## Line Chart: Qwen Model Performance on BBH and GSM8K
### Overview
The image presents four line charts comparing the performance of "Base Model" and "Tool SFT" versions of the Qwen language model (1.5B and 7B parameters) on two benchmarks: BBH (BigBench Hard) and GSM8K (Grade School Math 8K). The x-axis represents the "Few-Shot" setting (1, 2, or 3 examples), and the y-axis represents a generic "Metric" score. Each chart visualizes the performance of both model versions as the number of few-shot examples increases.
### Components/Axes
* **X-axis:** "Few-Shot" with markers at 1, 2, and 3.

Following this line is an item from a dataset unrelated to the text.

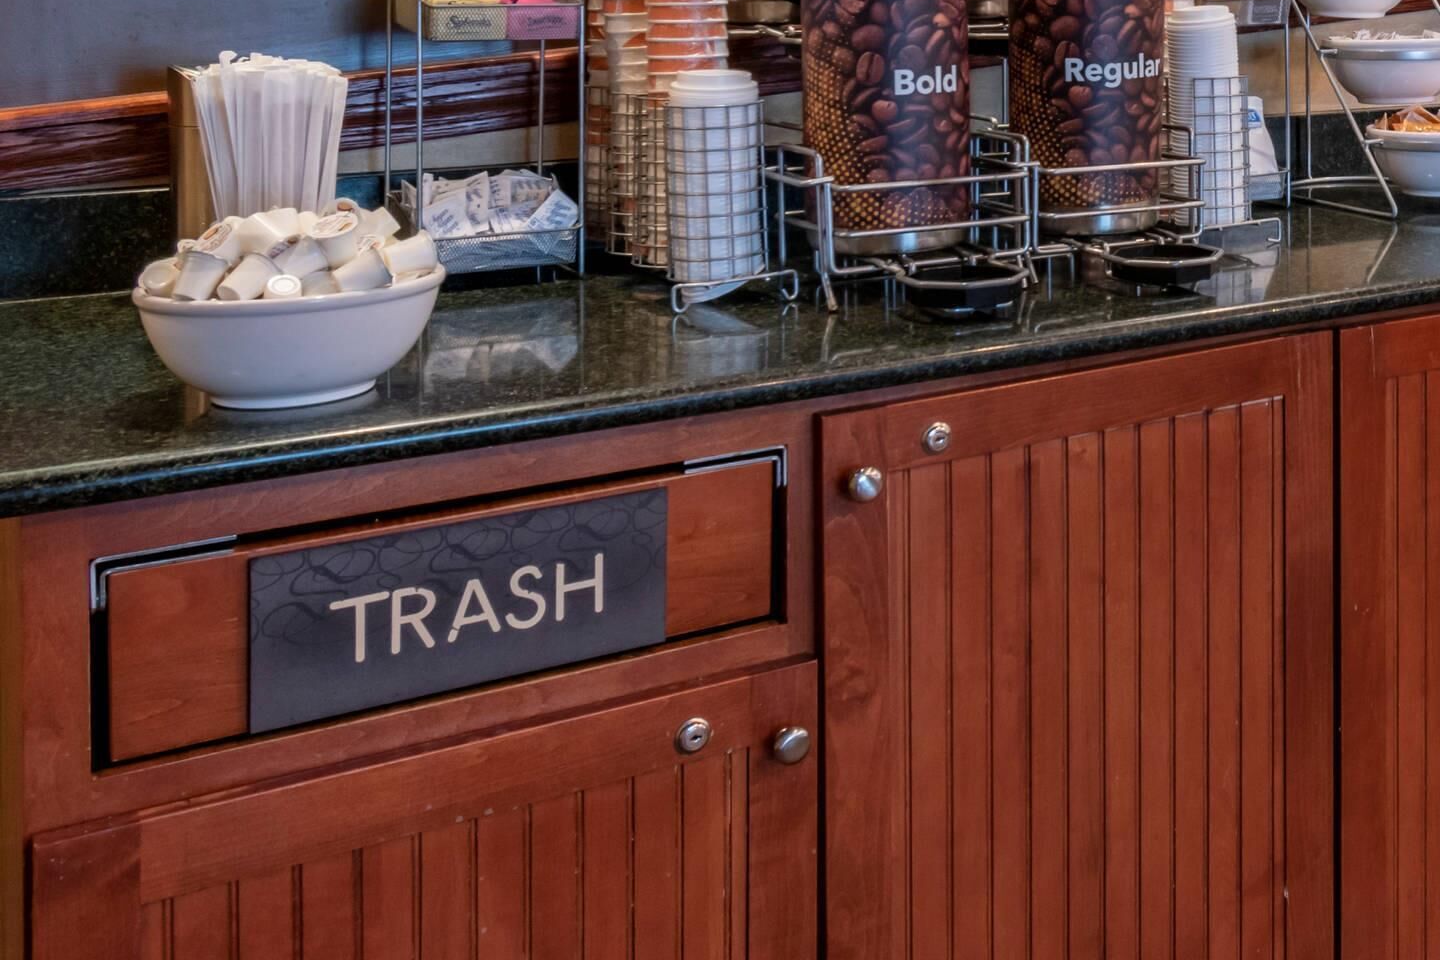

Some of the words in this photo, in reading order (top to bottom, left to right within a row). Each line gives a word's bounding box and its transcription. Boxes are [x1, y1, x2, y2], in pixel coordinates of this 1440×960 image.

[894, 65, 957, 96] Bold
[1064, 53, 1161, 88] Regular
[329, 553, 604, 663] TRASH

* **Y-axis:** "Metric" with a scale ranging from approximately 0.2 to 0.7.
* **Charts:** Four separate line charts, arranged in a 2x2 grid.
* Top-Left: Qwen-1.5B - BBH
* Top-Right: Qwen-1.5B - GSM8K
* Bottom-Left: Qwen-7B - BBH
* Bottom-Right: Qwen-7B - GSM8K
* **Legend:** Each chart has a legend in the top-right corner, indicating:
* Blue Line: "Base Model"
* Orange Line: "Tool SFT"
### Detailed Analysis or Content Details
**Qwen-1.5B - BBH (Top-Left)**
* The "Base Model" (blue line) shows a slight upward trend, starting at approximately 0.32 at Few-Shot=1, rising to around 0.38 at Few-Shot=3.
* The "Tool SFT" (orange line) starts at approximately 0.35 at Few-Shot=1, increases to around 0.42 at Few-Shot=2, and then plateaus at approximately 0.42 at Few-Shot=3.
**Qwen-1.5B - GSM8K (Top-Right)**
* The "Base Model" (blue line) starts at approximately 0.42 at Few-Shot=1, increases sharply to around 0.62 at Few-Shot=2, and then plateaus at approximately 0.64 at Few-Shot=3.
* The "Tool SFT" (orange line) starts at approximately 0.32 at Few-Shot=1, increases sharply to around 0.60 at Few-Shot=2, and then increases slightly to approximately 0.63 at Few-Shot=3.
**Qwen-7B - BBH (Bottom-Left)**
* The "Base Model" (blue line) starts at approximately 0.41 at Few-Shot=1, decreases slightly to around 0.40 at Few-Shot=2, and then increases to approximately 0.51 at Few-Shot=3.
* The "Tool SFT" (orange line) starts at approximately 0.38 at Few-Shot=1, remains relatively stable at around 0.40 at Few-Shot=2, and then increases to approximately 0.50 at Few-Shot=3.
**Qwen-7B - GSM8K (Bottom-Right)**
* The "Base Model" (blue line) starts at approximately 0.54 at Few-Shot=1, decreases slightly to around 0.52 at Few-Shot=2, and then increases to approximately 0.56 at Few-Shot=3.
* The "Tool SFT" (orange line) starts at approximately 0.40 at Few-Shot=1, increases sharply to around 0.55 at Few-Shot=2, and then increases slightly to approximately 0.58 at Few-Shot=3.
### Key Observations
* The "Tool SFT" model consistently outperforms the "Base Model" on GSM8K, especially with 2 or 3 few-shot examples.
* On BBH, the performance difference between the two models is less pronounced, and the "Base Model" sometimes outperforms the "Tool SFT" at higher few-shot settings (Qwen-7B).
* The GSM8K benchmark shows a more significant improvement with increasing few-shot examples for both models.
* The BBH benchmark shows less consistent improvement with increasing few-shot examples.
### Interpretation
The data suggests that the "Tool SFT" fine-tuning strategy is particularly effective for improving performance on the GSM8K benchmark, which requires mathematical reasoning. The larger performance gains on GSM8K with more few-shot examples indicate that the model benefits from seeing more examples of how to solve math problems. The relatively smaller gains on BBH suggest that the "Tool SFT" strategy may be less effective for tasks requiring broader reasoning abilities. The slight performance fluctuations in the "Base Model" on BBH (Qwen-7B) could be due to the inherent difficulty of the benchmark and the limited number of few-shot examples. The consistent outperformance of "Tool SFT" on GSM8K suggests that the tool-augmented training process is successfully equipping the model with the ability to leverage external tools for mathematical problem-solving.